- _Exercise data_
- - - -

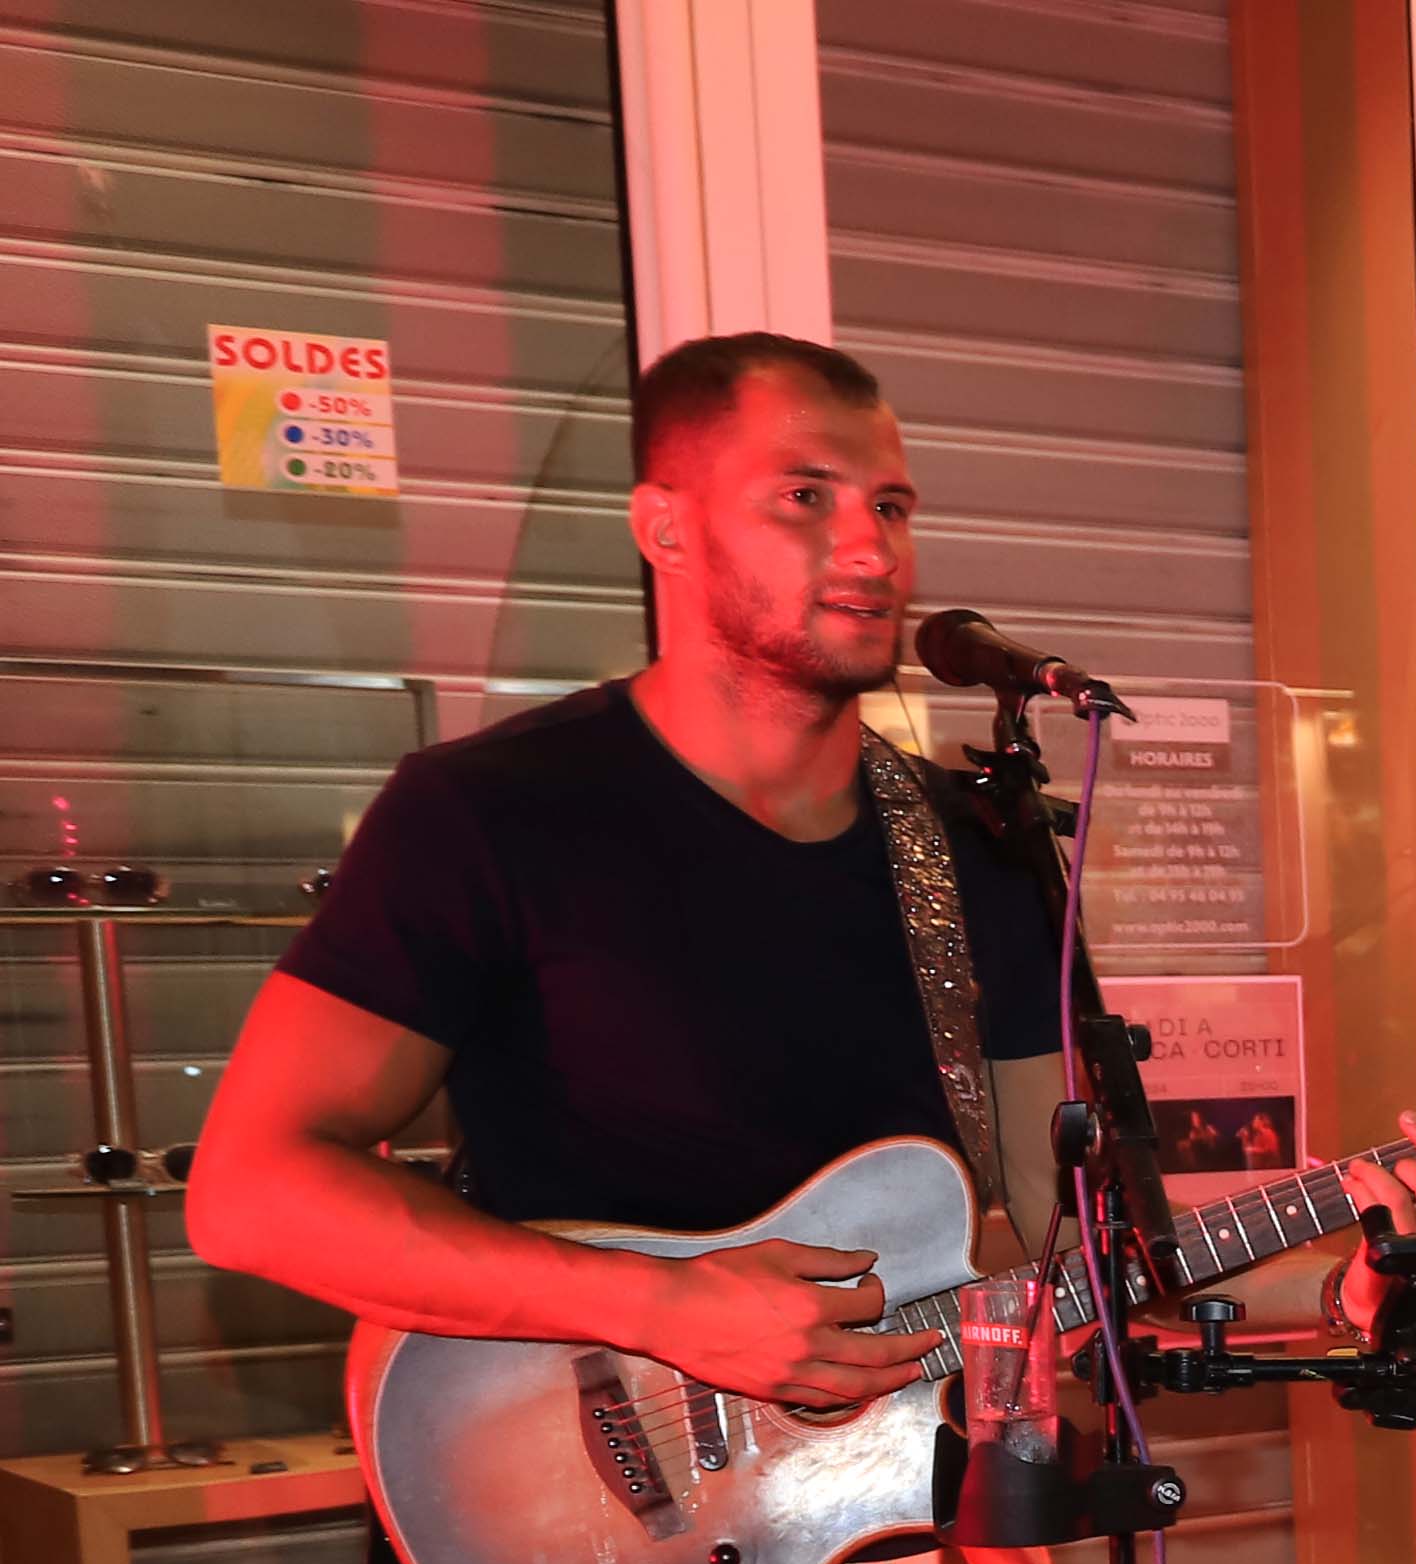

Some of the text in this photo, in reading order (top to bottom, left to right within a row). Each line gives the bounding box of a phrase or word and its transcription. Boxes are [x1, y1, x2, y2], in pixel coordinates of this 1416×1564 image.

[215, 334, 388, 380] SOLDES
[309, 395, 373, 418] -50%
[311, 427, 375, 449] -30%
[313, 460, 378, 481] -20%
[1130, 751, 1214, 768] HORAIRES
[1196, 1018, 1213, 1036] A
[1203, 1038, 1287, 1059] CORTI

- - - -

- _The problem_
Transcribe all of the records exactly, without reproducing their pictures.

- _Answer section_
Some of the text in this photo, in reading order (top to bottom, left to right within a row). Each line gives the bounding box of a phrase or word and its transcription. Boxes are [x1, y1, x2, y2], in pixel coordinates of this 1416×1564 image.

[215, 334, 388, 380] SOLDES
[309, 395, 373, 418] -50%
[311, 427, 375, 449] -30%
[313, 460, 378, 481] -20%
[1130, 751, 1214, 768] HORAIRES
[1196, 1018, 1213, 1036] A
[1203, 1038, 1287, 1059] CORTI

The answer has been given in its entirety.